According to the World Intellectual Property Organization (WIPO)’s IPC8- Technology Concordance Table revised in January, 2013, the concept of technology classification is divided into 5 areas, including electric engineering, apparatus, chemistry, mechanical engineering and other fields, and also can be divided into 35 fields.
We retrieved data on November 20, 2013 with IPC codes of the chemistry patents filed by a Chinese national research institute and its branch institutes during 1985 and 2012. For this national research institute, chemistry is the area in which it owns the most patent applications. We retrieved totally 27,401 chemistry records.

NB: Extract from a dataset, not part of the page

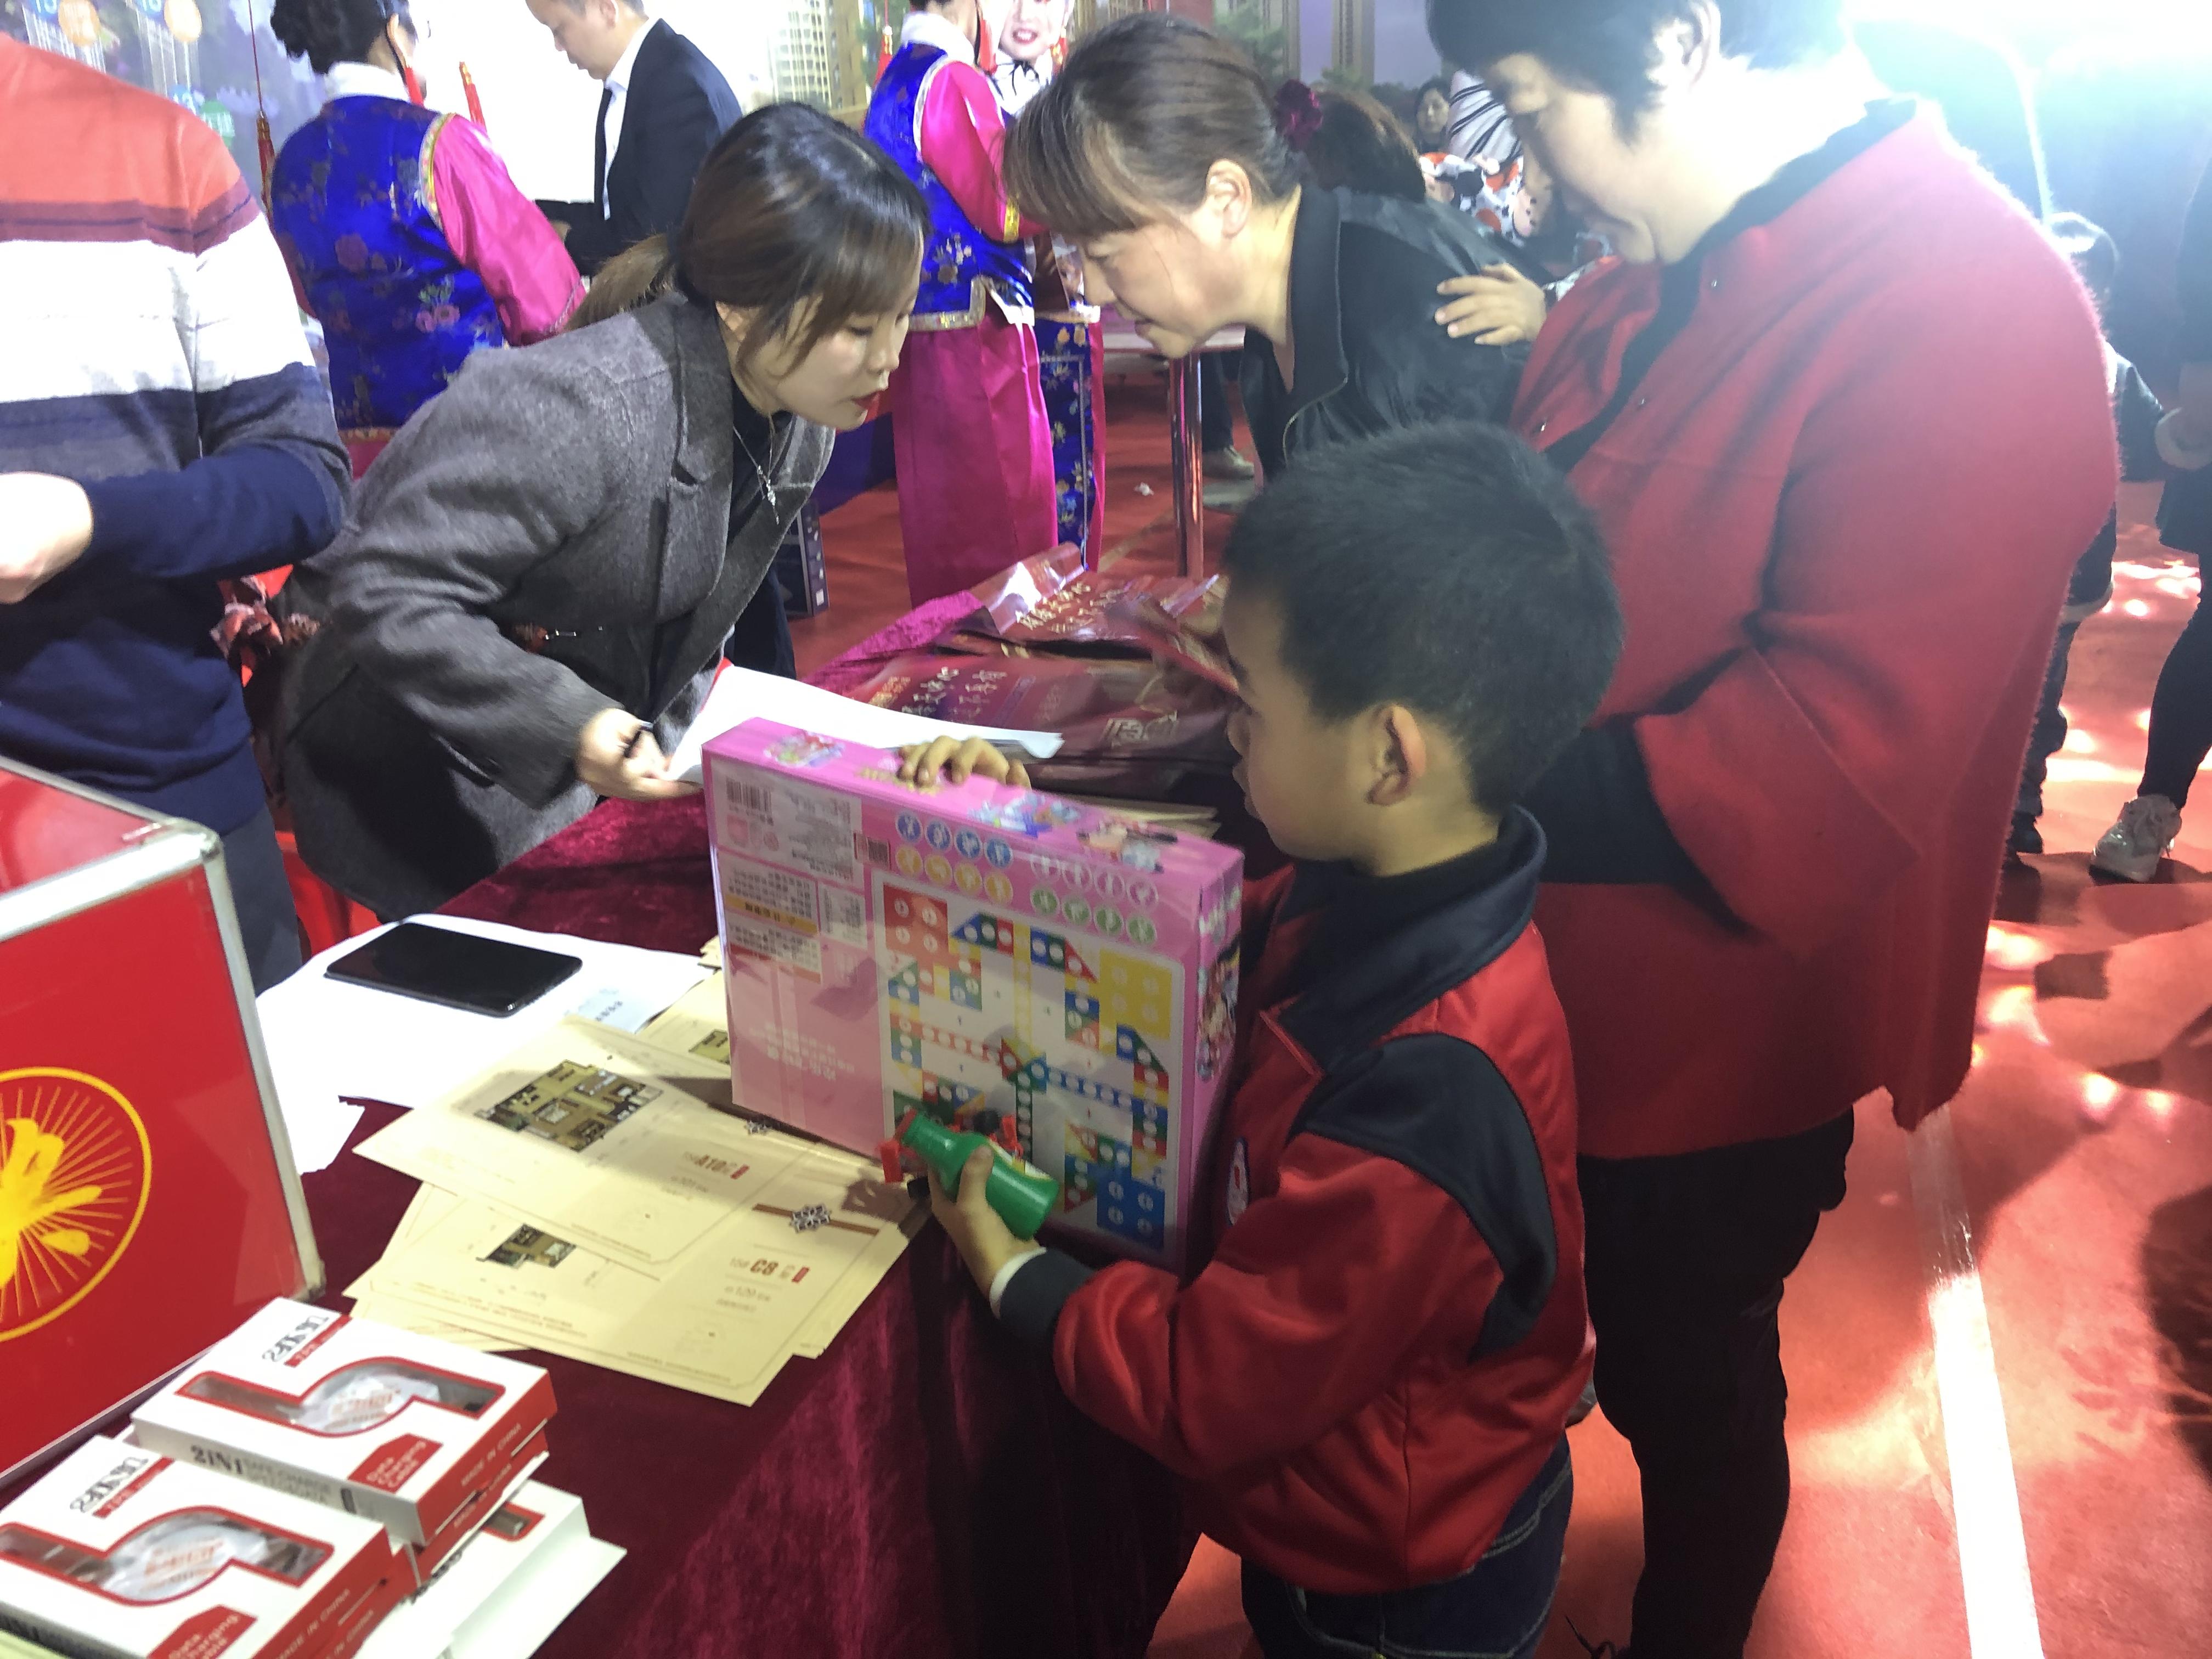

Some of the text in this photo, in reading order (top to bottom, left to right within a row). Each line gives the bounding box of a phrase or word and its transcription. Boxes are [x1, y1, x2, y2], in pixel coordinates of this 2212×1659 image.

As enough data is necessary for building patent portfolios, this paper selects chemistry patents as our data sample.
③ IPC codes are listed in Appendix I.
4.2 Results
4.2.1 Network based patent analysis
Figure 2 displays the co-classification network of IPC codes. Based on Girvan- Newman algorithm, we found 27,401 patents in chemistry are related to 11 fields. The EI index value is –0.094, which means the 11 fields have maintained relatively independent relationships.
Figure 2 illustrates the internal and external relationships of the subgroups. The purple line indicates the internal relations and the green line the external relations. More internal relationships are observed from Fig. 2, especially in fields of chemical engineering, pharmaceuticals and organic fine chemistry. But the fields of food chemistry, micro-structural and nano-technology, and surface technology and coating are found to be weakly connected.
Fig. 2    Patent co-classifi cation network based on IPC codes.
Patent co-classifi cation network based on IPC codes.

There are 188 subclasses in Derwent manual code classification, with clear hierarchy and long-term stability[23]. In our case study, this large research institute’s patents in chemistry cover 182 subclasses. The clustering and visualization of the patents based on Girvan-Newman algorithm is shown in Fig. 3, which can be classified into 6 technological fields: 1) polymer/plastics, 2) general chemistry, 3) catalyst, 4) pharmaceuticals, 5) agriculture, 6) semiconductors, circuits, fireproof materials, ceramics, cement and electrochemistry. The threshold value of the network is set at 0.05 for satisfying visualization result.
Fig. 3    Patent co-classifi cation network based on Derwent manual codes.
Patent co-classifi cation network based on Derwent manual codes.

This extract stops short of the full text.